TDW Gesellschaft für verteidigungstechnische Wirksysteme mbH
- Type: Subsidiary
- Industry: Defence
- Founded: 1994
- Headquarters: Schrobenhausen, Germany
- Area served: Worldwide
- Key people: Ulrich Störchle (Managing Director)
- Products: Warheads, Fuzes, Distance Sensors
- Number of employees: 150
- Parent: MBDA Deutschland GmbH (formerly LFK GmbH)
- Website: tdw-warhead-systems.com

= TDW =

German defense industry company

TDW (Gesellschaft für verteidigungstechnische Wirksysteme mbH) is a European company that develops and manufactures warheads for guided weapons.
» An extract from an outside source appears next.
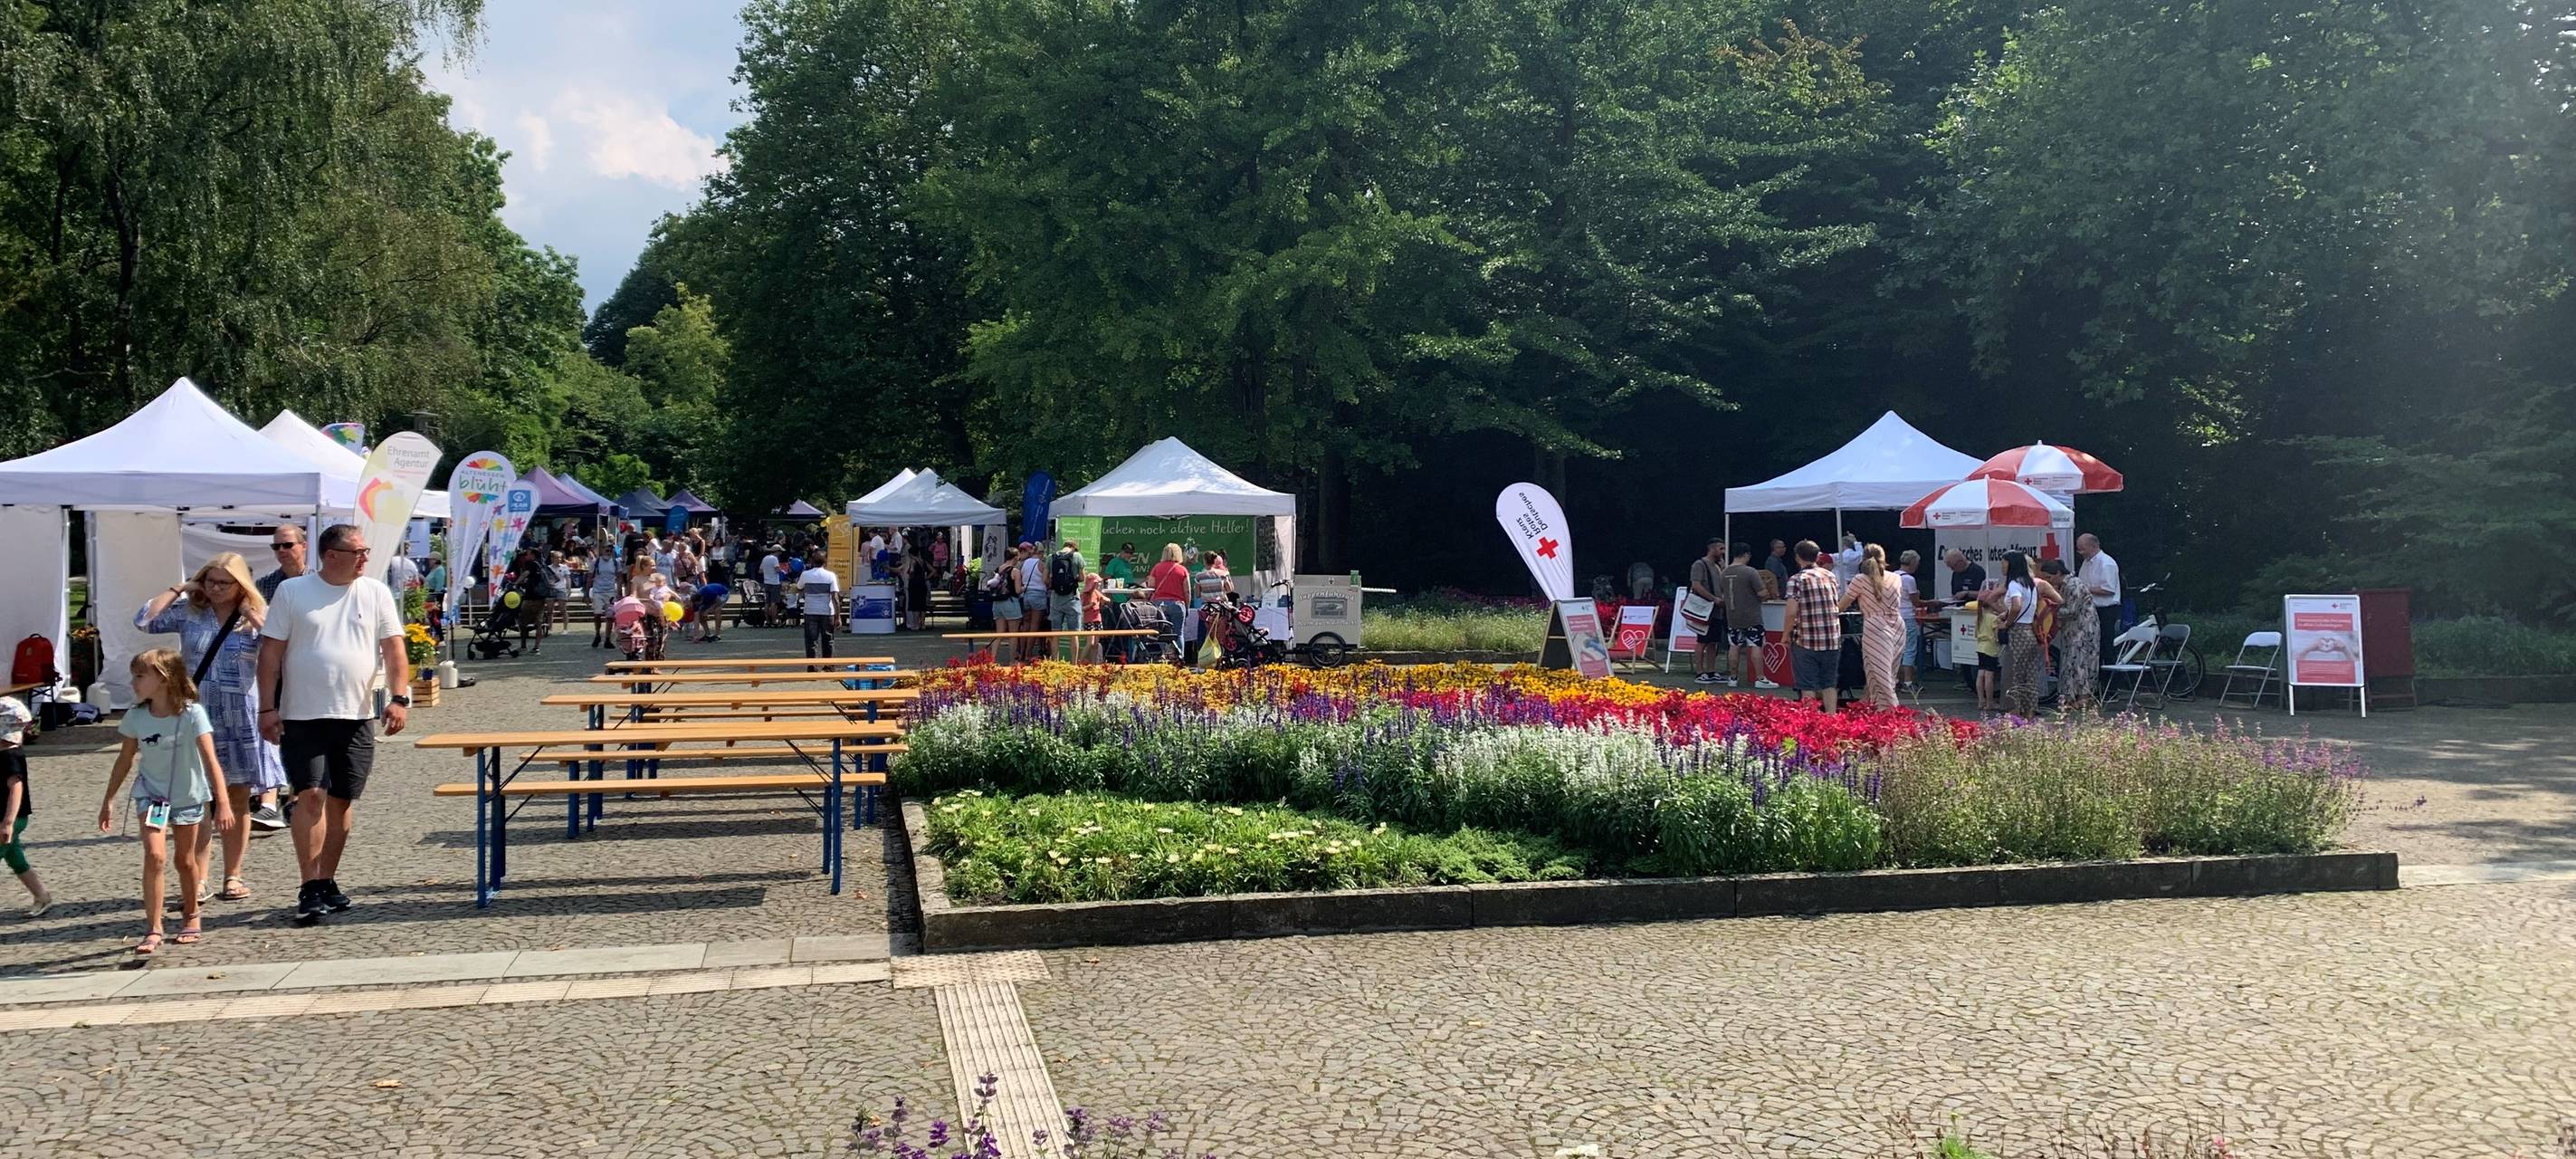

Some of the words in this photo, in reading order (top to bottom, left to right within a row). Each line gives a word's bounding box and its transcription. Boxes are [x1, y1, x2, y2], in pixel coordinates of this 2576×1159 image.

The company was founded in 1994 and has 150 employees based in Schrobenhausen, Germany. TDW is a 100% subsidiary of MBDA Deutschland GmbH and part of the European guided weapon group MBDA.

== History ==
The history of what is now TDW began in the 1960s at the site in Schrobenhausen where the company has been located ever since. The business started as part of Bölkow, later Messerschmitt-Bölkow-Blohm (MBB) before it became DASA. TDW as a separate legal entity was founded 1994 as a spin-off of DASA, which continued to control the business as subsidiary. All missile activities of DASA and Dornier GmbH 1995 were consolidated into LFK-Lenkflugkörpersysteme GmbH which owned 100% of TDW. Together with LFK, TDW has been consolidated into EADS (now Airbus) which has sold LFK GmbH and its subsidiary TDW, to the European missile group MBDA in 2006. LFK GmbH has changed its company name to MBDA Deutschland GmbH in 2012.

== Products ==

TDW has customers in France, Germany, Norway, Sweden, Turkey, the UK, and the United States. The product portfolio of TDW encompasses all sorts of conventional warheads, blast/fragmentation and lethality-enhancers for air defence, penetrators for bunker-busting and anti-ship application, shaped charges to defeat tanks and multi-effect warheads to defeat several target categories. In 2013 a newly developed Mk82 warhead was demonstrated with a novel scalable technology that is able to adjust the explosive effect to a level appropriate to the military target, minimizing collateral damage. The Programmable Intelligent Multi Purpose Fuze (PIMPF) is a void sensing and layer counting fuze in service with the warheads of NSM and Taurus.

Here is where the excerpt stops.